Sweat a Private Equity Bubble Later
Jim Cramer
11/17/06 - 05:42 PM EST
This column was originally published on RealMoney
on Nov. 17 at 8:36 a.m. EST. It's being republished as a bonus for TheStreet.com
readers.
The bubble in private equity isn't really a bubble ... yet. We've had a massive number of deals, that's for certain, and I am convinced that a lot of the properties being bought are in secular decline or face tremendously difficult competition and a changing landscape. Radio's dropping like a stone. Print magazines are severely challenged. You can't get excited about a hospital chain when hospital pricing could come under attack from the Democrats -- certainly more than pharma, even though pharma gets all the print.

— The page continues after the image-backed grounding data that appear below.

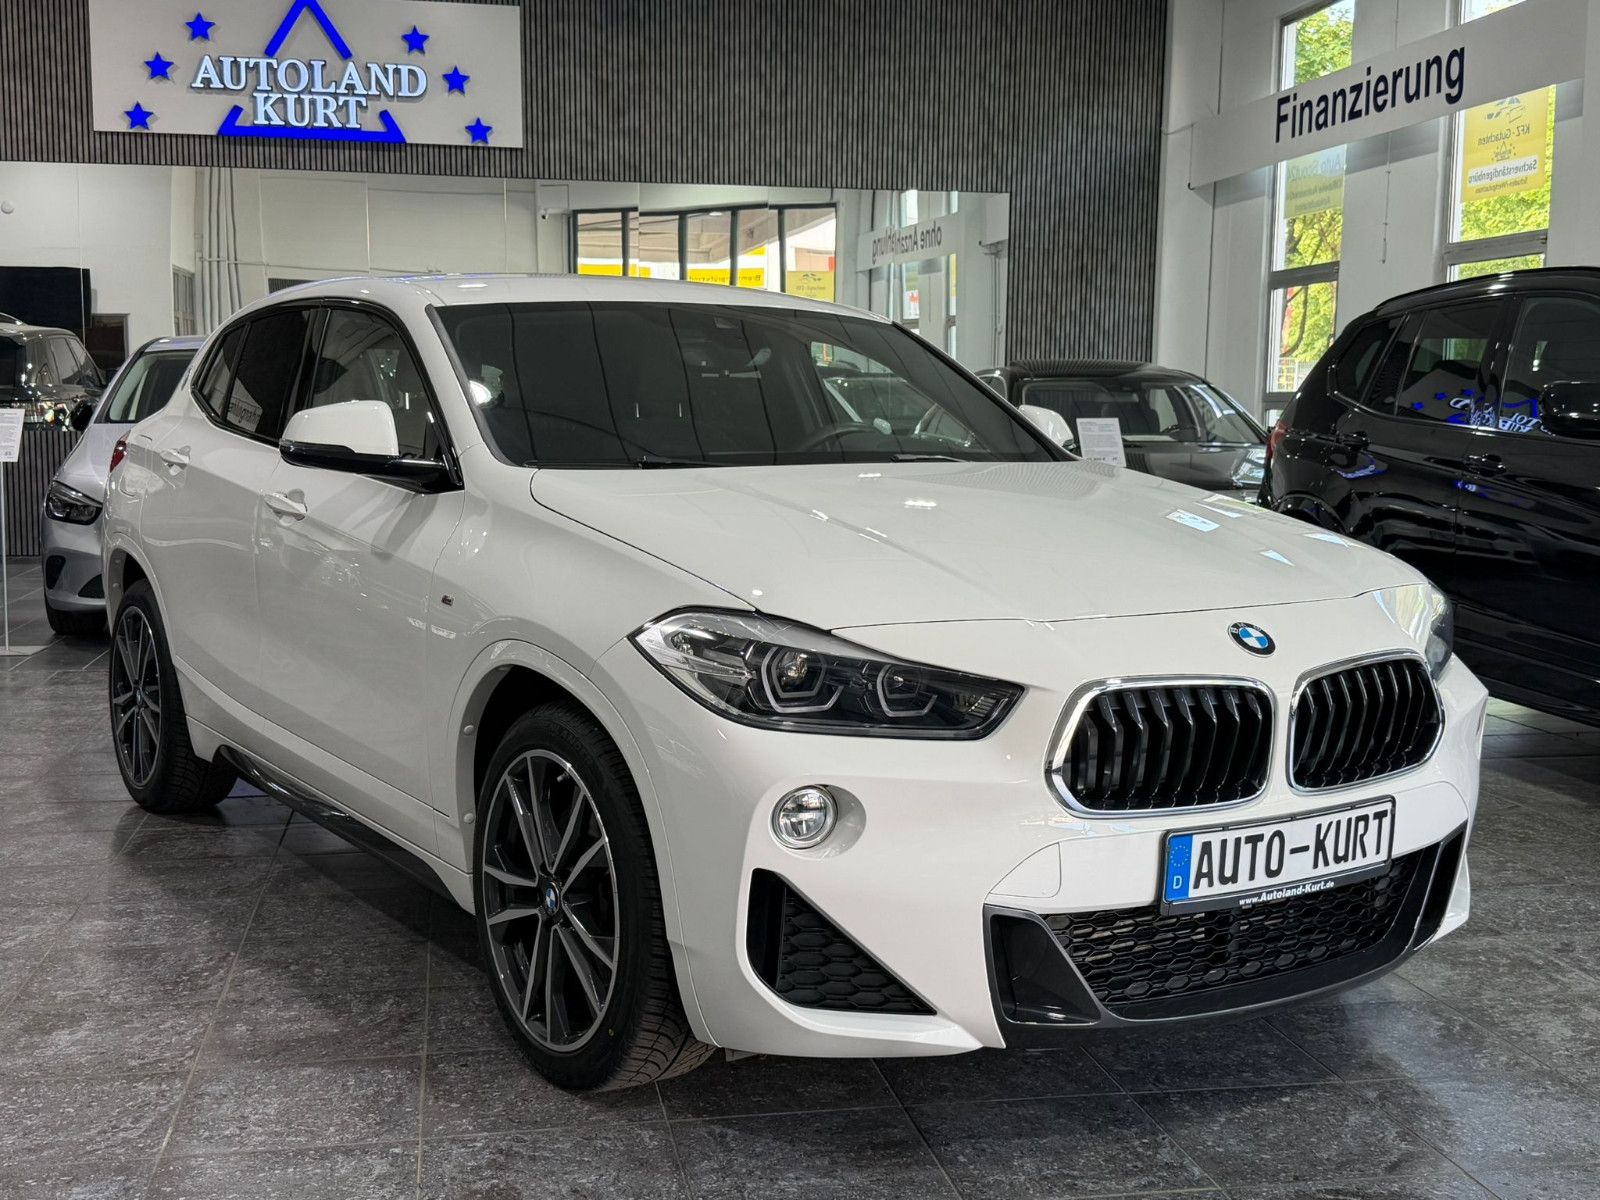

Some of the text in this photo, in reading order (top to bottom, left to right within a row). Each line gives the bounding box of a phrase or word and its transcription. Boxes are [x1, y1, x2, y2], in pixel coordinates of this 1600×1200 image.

[191, 54, 428, 98] AUTOLAND
[253, 92, 368, 129] KURT
[1275, 47, 1466, 143] Finanzierung
[1172, 875, 1182, 890] D
[1239, 881, 1335, 905] www.Autoland-Kurt.de

But a plethora of deals isn't a bubble. A plethora of deals at high interest rates is, and the rates at which these deals are occurring are so low that the deals most likely can work, as the
Hertz(HTZ Quote) deal shows.
Hertz is quite instructive because the two things that would 1. create a bubble and 2. have it burst are higher rates and a unforgiving exit strategy. The fact that Hertz was able to pay a dividend to the firm that bought it and come public, because for now the public will buy anything, says it is way too early to fret. We also had two other deals that busted in recent memory,
Sealy(ZZ Quote) and
Burger King(BKC Quote), and no one seemed too perturbed by those.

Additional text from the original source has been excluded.